New Cassava DNA Fingerprinting Method Relies On Farmers

Millions of small holder farmers in Africa still cultivate the same local cassava varieties that have been used for centuries, but most of those varieties are only known in the fields with very few stored in databases or gene banks, scientists say.

Scientists from southern, eastern and central Africa have came up with a new method of DNA fingerprinting for cassava identification and agro-biodiversity that they say will conserve local varieties and make disease-free cassava accessible to farmers, according to a report in IPPMedia.

They agreed during a two-day meeting in Dar es Salaam on a harmonized process to collect, evaluate, preserve, identify and exchange traditional cassava varieties, or landraces, to ensure breeders have access to a wide variety of diseases-free cassava material that is well documented with farmers’ information.

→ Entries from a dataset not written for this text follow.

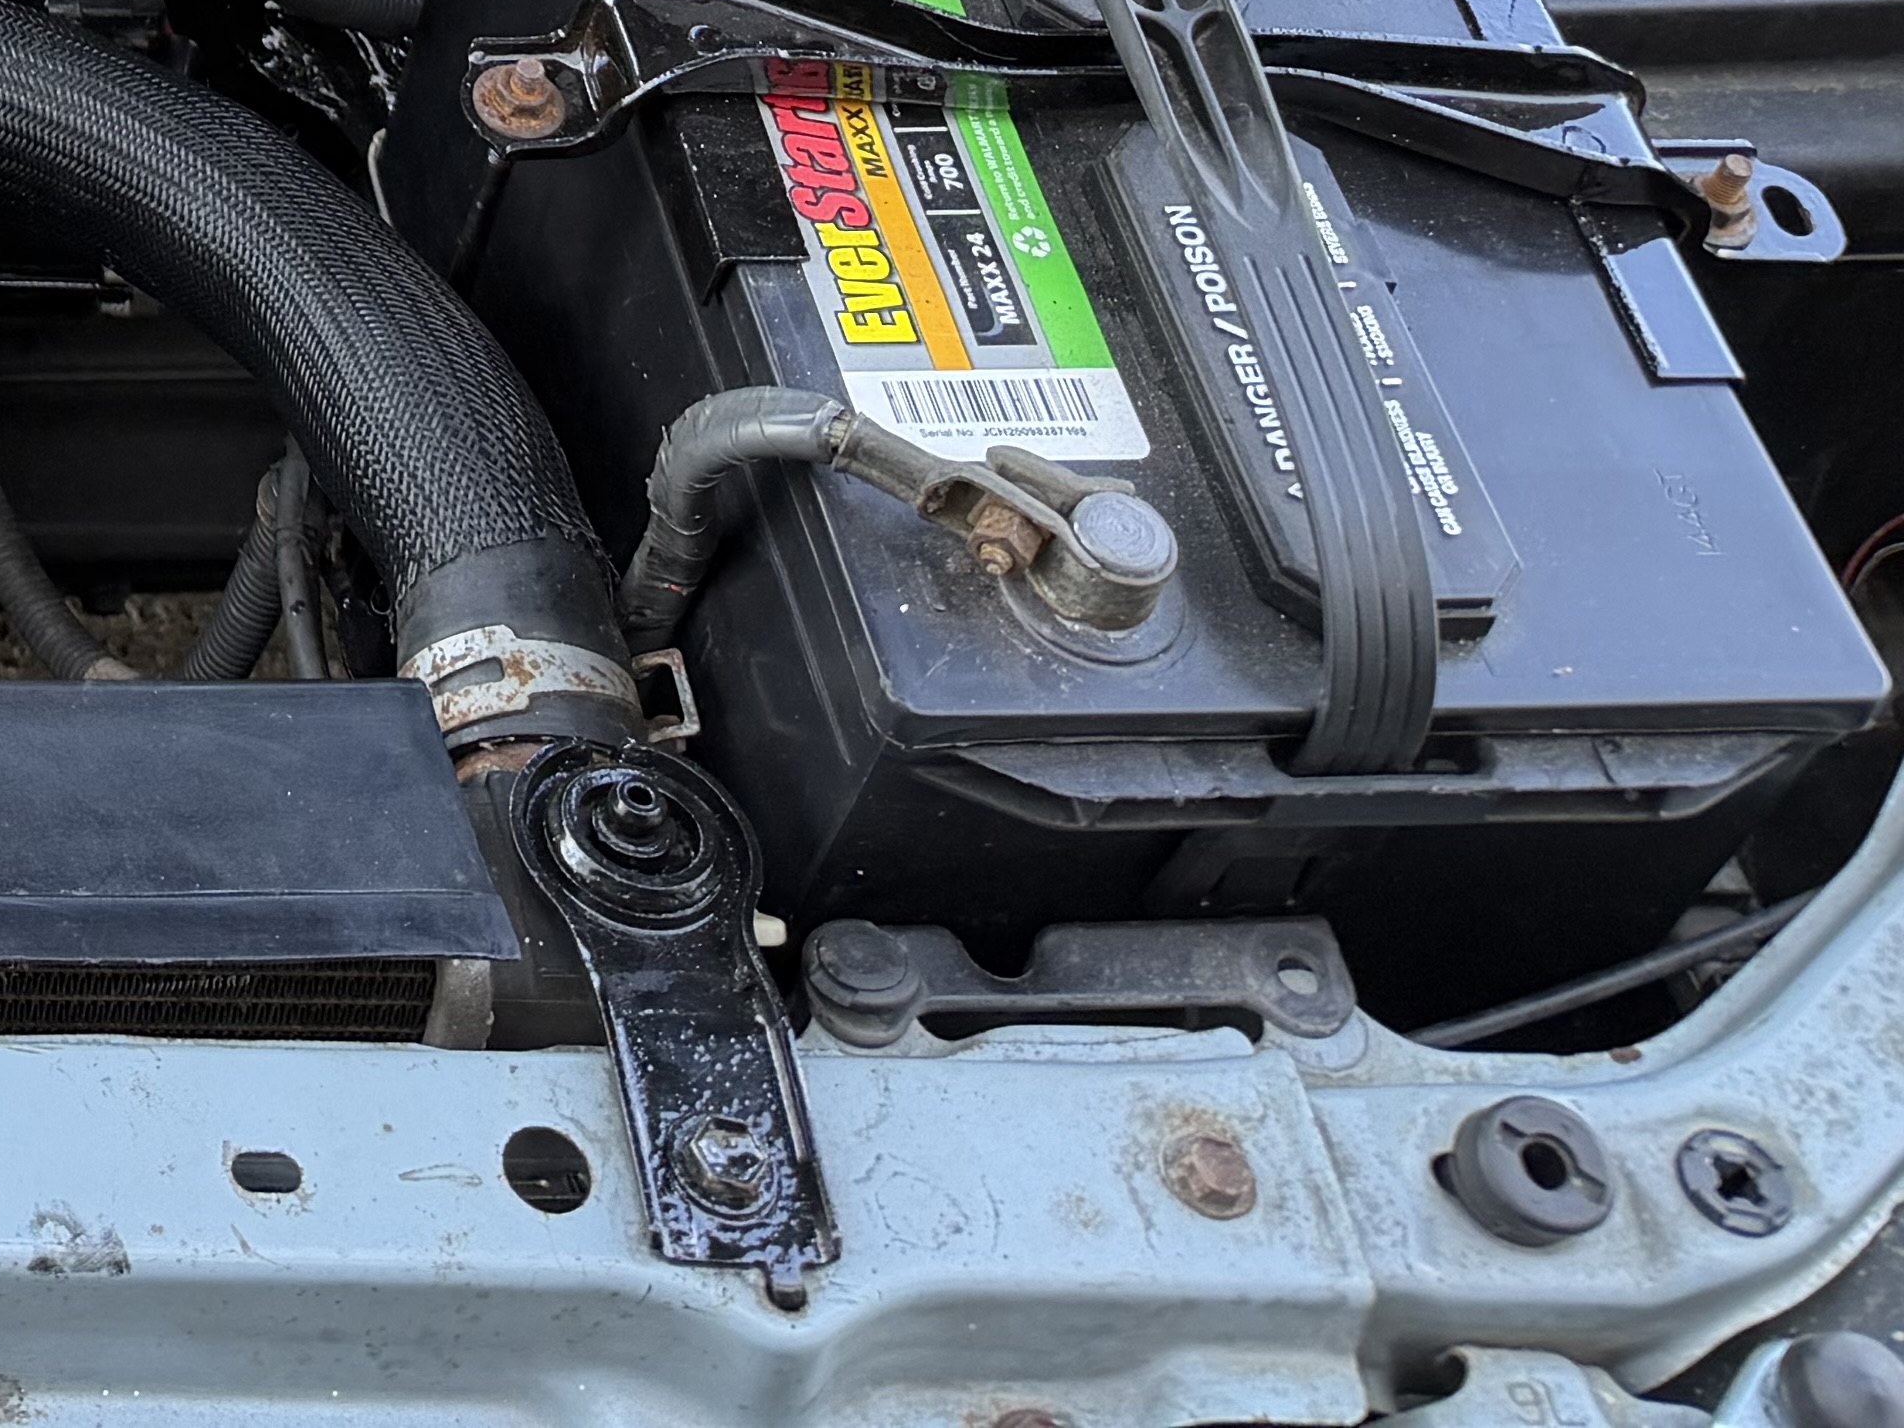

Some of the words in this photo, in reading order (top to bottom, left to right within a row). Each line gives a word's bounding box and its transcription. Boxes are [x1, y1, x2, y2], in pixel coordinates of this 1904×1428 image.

[844, 106, 888, 179] MAXX
[967, 113, 998, 171] WALMART
[992, 127, 1015, 164] toward
[934, 153, 964, 192] 700
[993, 170, 1003, 185] to
[1007, 163, 1025, 198] credit
[761, 93, 922, 345] EverStart
[999, 186, 1020, 222] Return
[1023, 199, 1036, 221] and
[965, 231, 993, 258] 24
[1163, 203, 1239, 314] POISON
[947, 248, 971, 295] Number
[967, 295, 979, 310] Part
[977, 260, 1021, 326] MAXX
[1226, 343, 1295, 472] DANGER
[919, 428, 954, 439] Serial
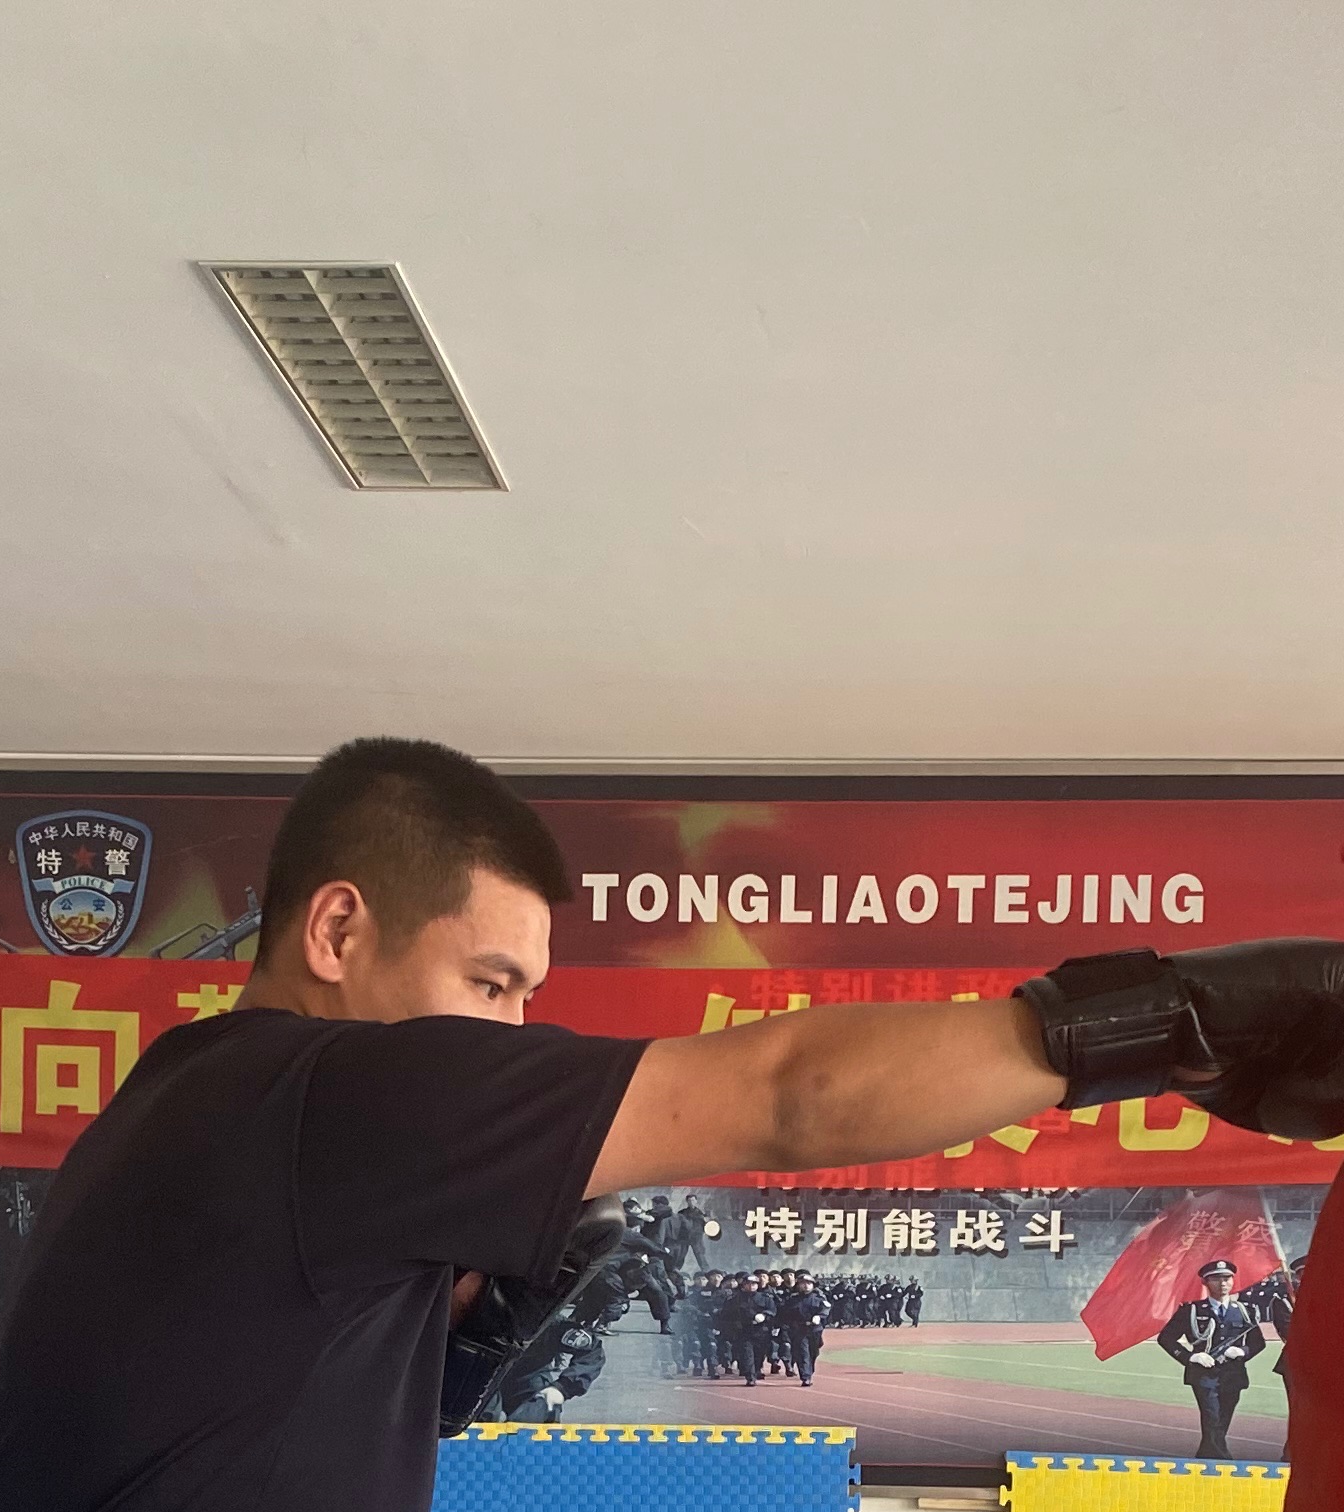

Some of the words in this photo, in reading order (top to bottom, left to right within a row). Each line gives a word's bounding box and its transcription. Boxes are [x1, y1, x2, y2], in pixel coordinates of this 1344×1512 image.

[29, 822, 138, 850] 中华人民共和国
[36, 848, 130, 875] 特警
[60, 877, 108, 890] POLICE
[59, 898, 106, 912] 公安
[582, 872, 1206, 925] TONGLIAOTEJING
[744, 1206, 1076, 1254] 特别能战斗
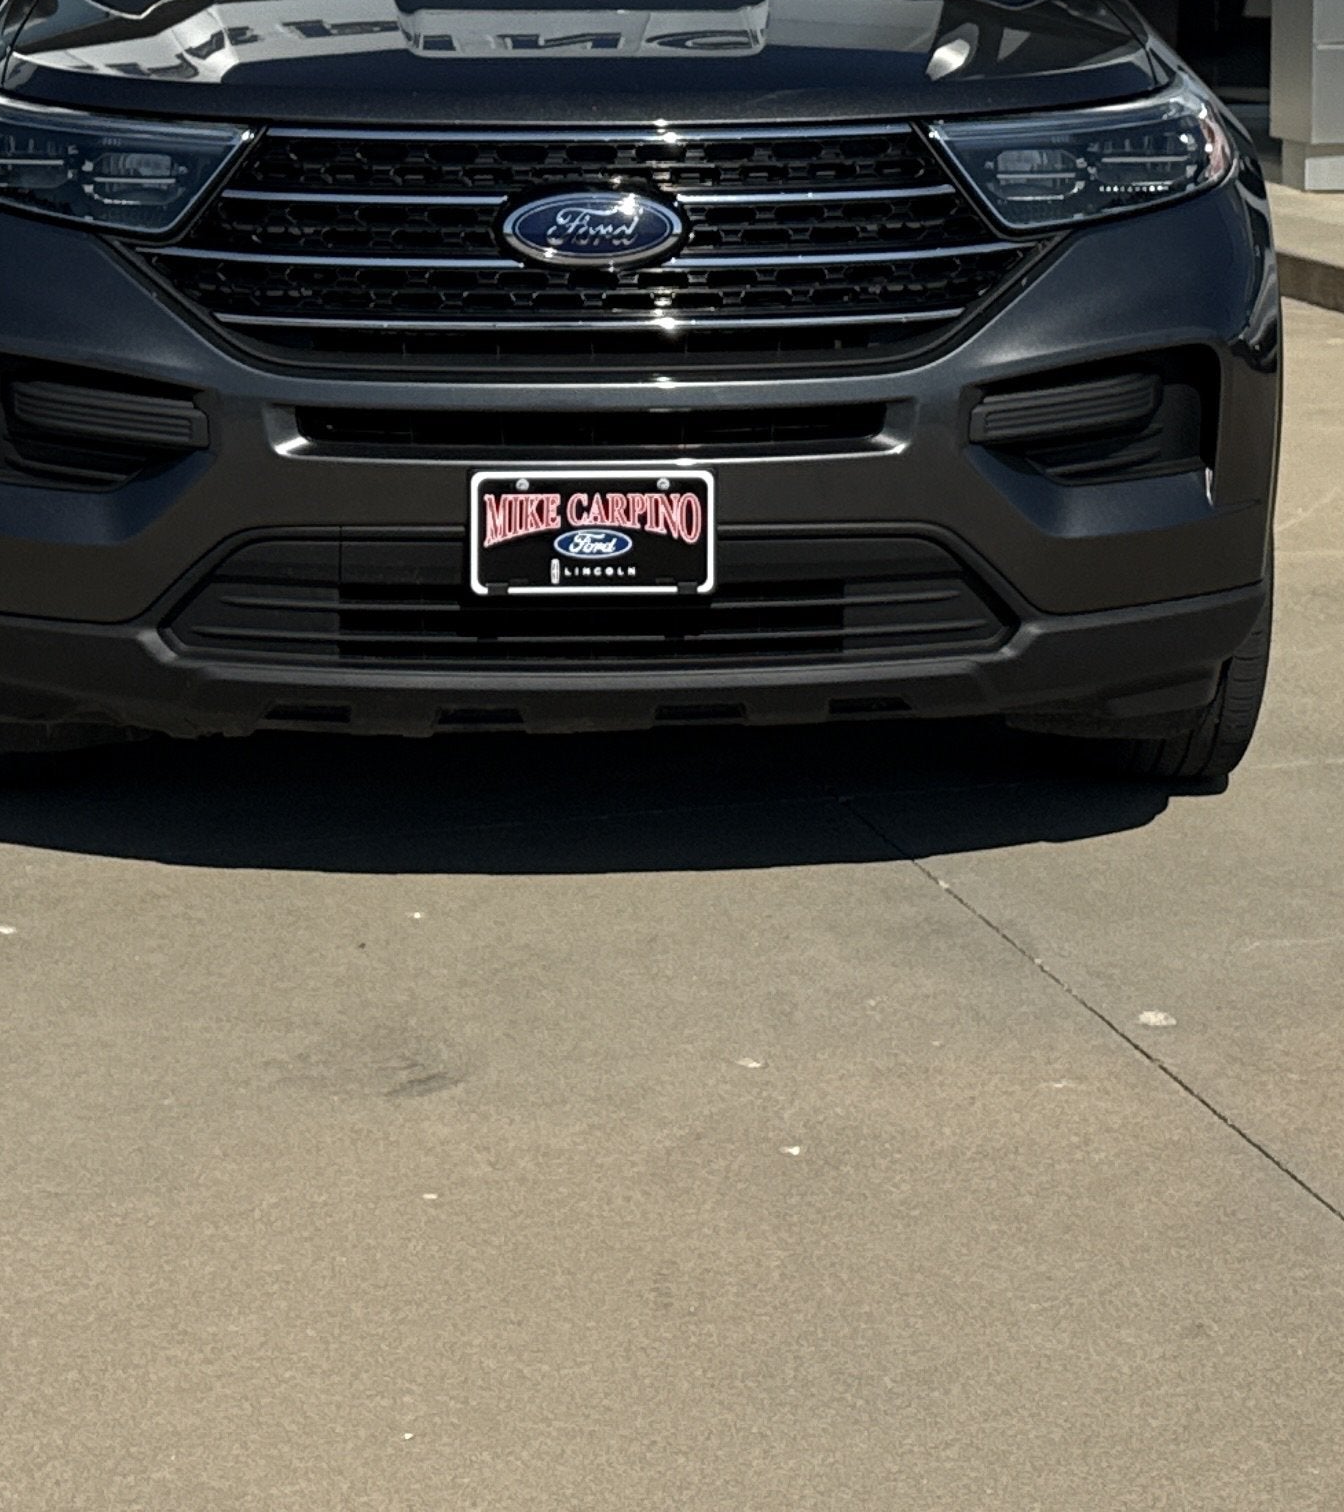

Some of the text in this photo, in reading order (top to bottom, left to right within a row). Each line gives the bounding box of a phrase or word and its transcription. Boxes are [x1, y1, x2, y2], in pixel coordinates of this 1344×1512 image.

Such databases do not exist, with most landraces known only in the farmers’ fields, said Morag Ferguson, a molecular scientist with the International Institute of Tropical Agriculture, in the report.

These traditional varieties are a rich source of important genes for improving cassava through biotechnology or conventional breeding, yet very few of these varieties were conserved in germplasm repository, according to the report.

Scientists agreed there was an urgent need to conserve traditional cassava varieties being grown by small holder farmers against deadly cassava diseases.

Dwindling cassava production is linked to viral diseases like the cassava brown streak and mosaic diseases devastating crops in the Great Lakes Region and threatening food security of more than 300 million people in Sub-Saharan Africa, according to Claude Fauquet, director of the Global Cassava Partnership for the 21st Century, the report said. A regional conservation effort that includes a regional gene bank will come in handy, he said.

“We need genetic diversity and farmers’ knowledge to develop varieties that will be accepted and adopted by farmers,” Ferguson said.